Tyler’s mum Nicola, 43, described her son as outgoing and bubbly, a gym-enthusiast who loved going on holidays. Following his death, Nicola set up Suicide Affects Families and Friends Everywhere (SAFFE), a support group for people who have lost someone to suicide.

Nicola said:

“Tyler was the class clown at school and in public he was always laughing, but it was just a mask. At home, we saw his struggles. He had never been diagnosed with a mental illness, but he had problems with his mental health from a very young age where he was either very happy or very down.

“Losing Tyler was devastating. You just don’t expect to lose your kids. It feels as if we don’t live now, we’re just existing. If he had got the right help, he might still have taken his life, but he might not have, and the not-knowing is awful.

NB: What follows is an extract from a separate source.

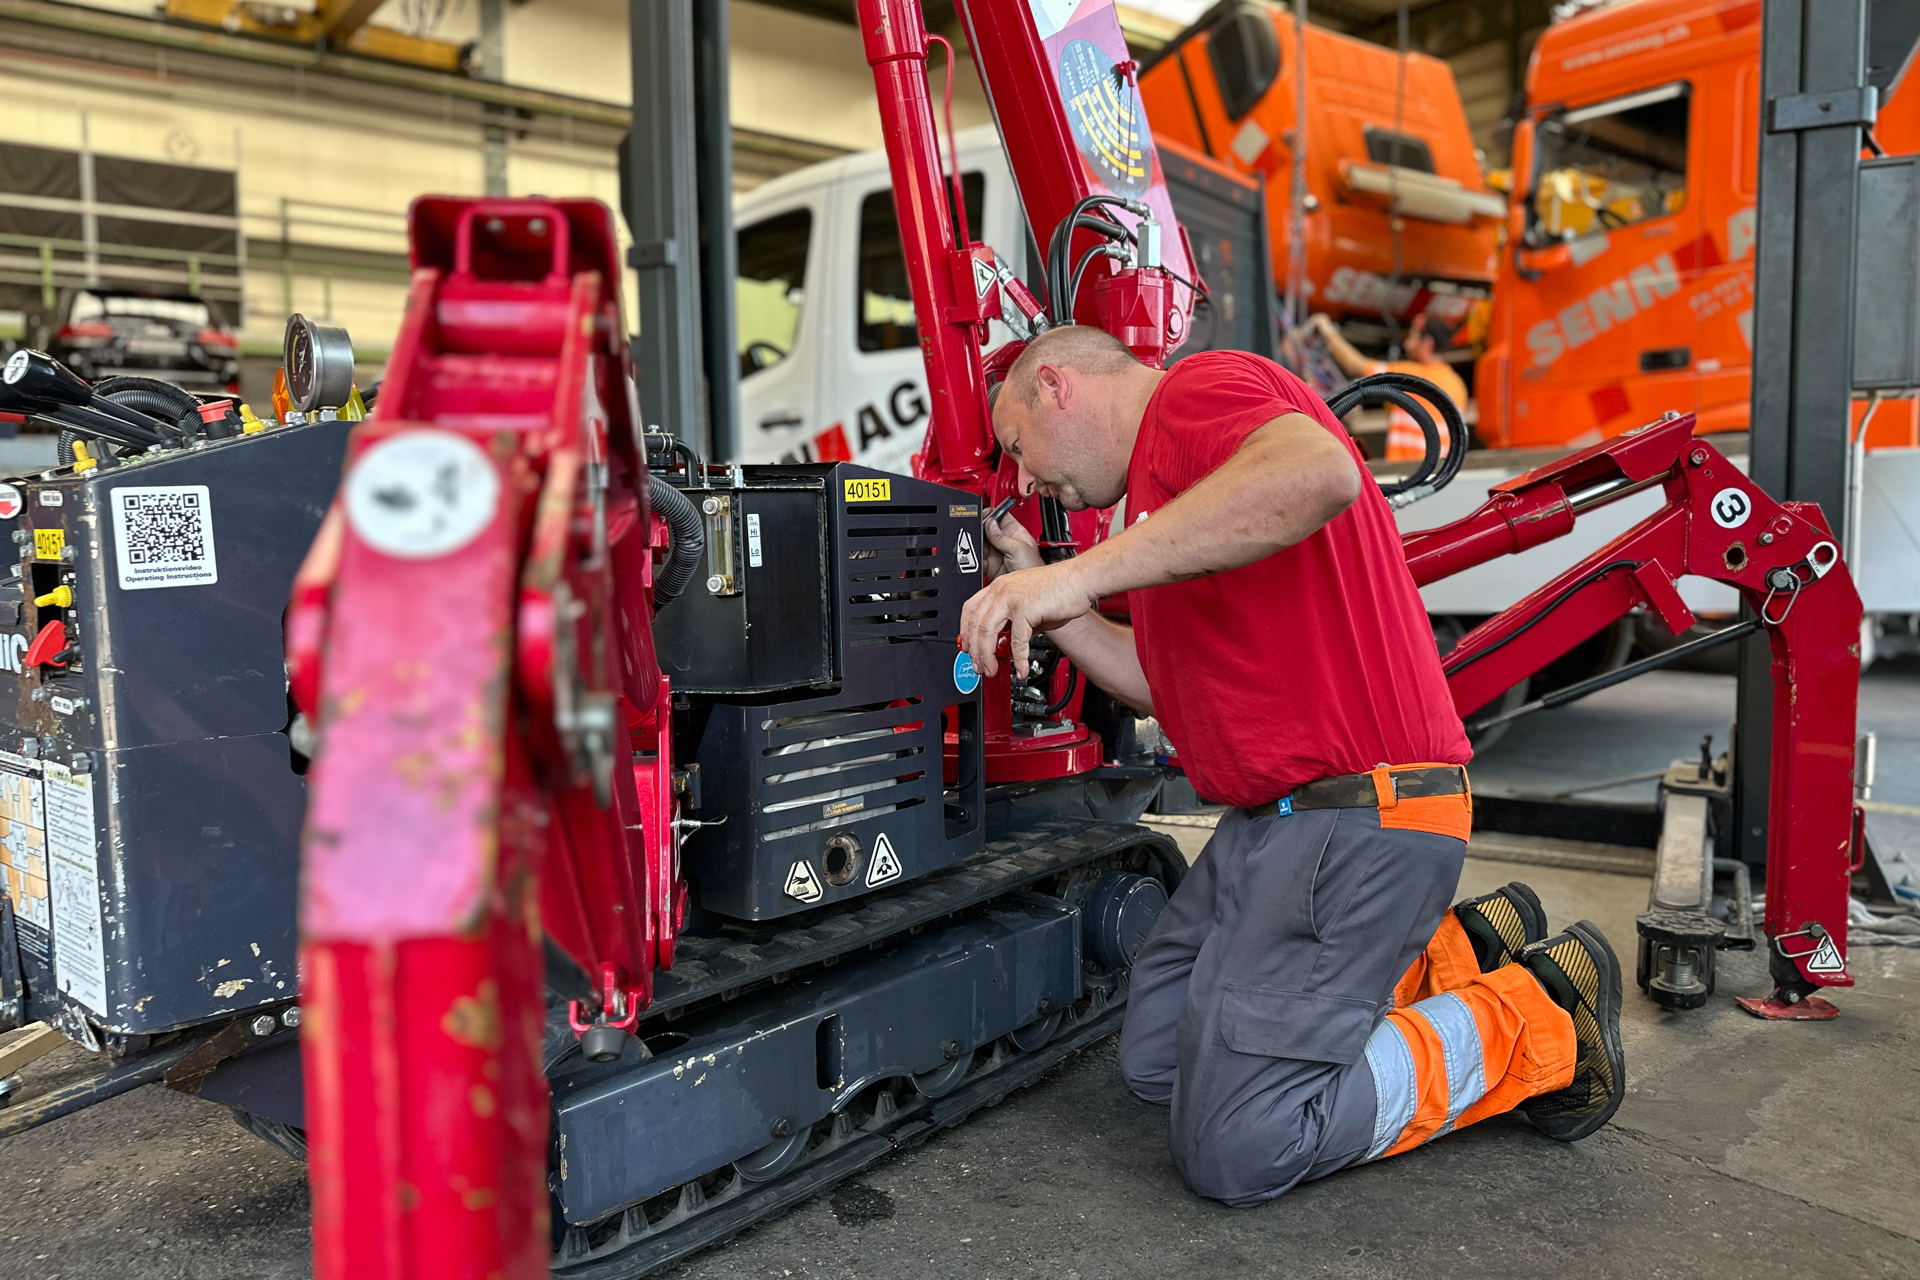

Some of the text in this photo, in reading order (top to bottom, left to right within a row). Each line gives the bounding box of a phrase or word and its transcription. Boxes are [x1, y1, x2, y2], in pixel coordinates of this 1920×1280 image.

“People say time makes it easier, but I don’t think it does. The longer I don’t have him, the more I miss him. Nothing will bring Tyler back, but I would like to think that sharing his story could stop this from happening again or at least help another family in the same situation.”

The Ombudsman has urged the Government to take action by strengthening the bill for a Mental Health Act and prioritise pushing it through Parliament.

He also made several other recommendations including requiring a follow-up check within 72 hours for people discharged from emergency departments, and that the views of patients and their support network are listened to and actively taken into consideration when planning transitions of care.

Lucy Schonegevel, Director of Policy and Practice, Rethink Mental Illness, said:

“Someone being discharged from a mental health service, potentially into unsafe housing, financial insecurity or distanced from family and friends, is likely to face the prospect with anxiety and a sense of dread rather than positivity. Mistakes or oversights during this process can have devastating consequences.

“This report puts a welcome spotlight on how services can improve the support they offer people going through the transition back into the community, by improving communication and the ways in which different teams work together to provide essential care.

“Learning from the lived experience of people severely affected by mental illness and their carers is key, but we also need Government to deliver on its commitment to bolster the workforce so staff are less stretched, and bring forward long-overdue reform of the Mental Health Act to improve the standard of care offered to people when they’re at their most unwell and vulnerable.”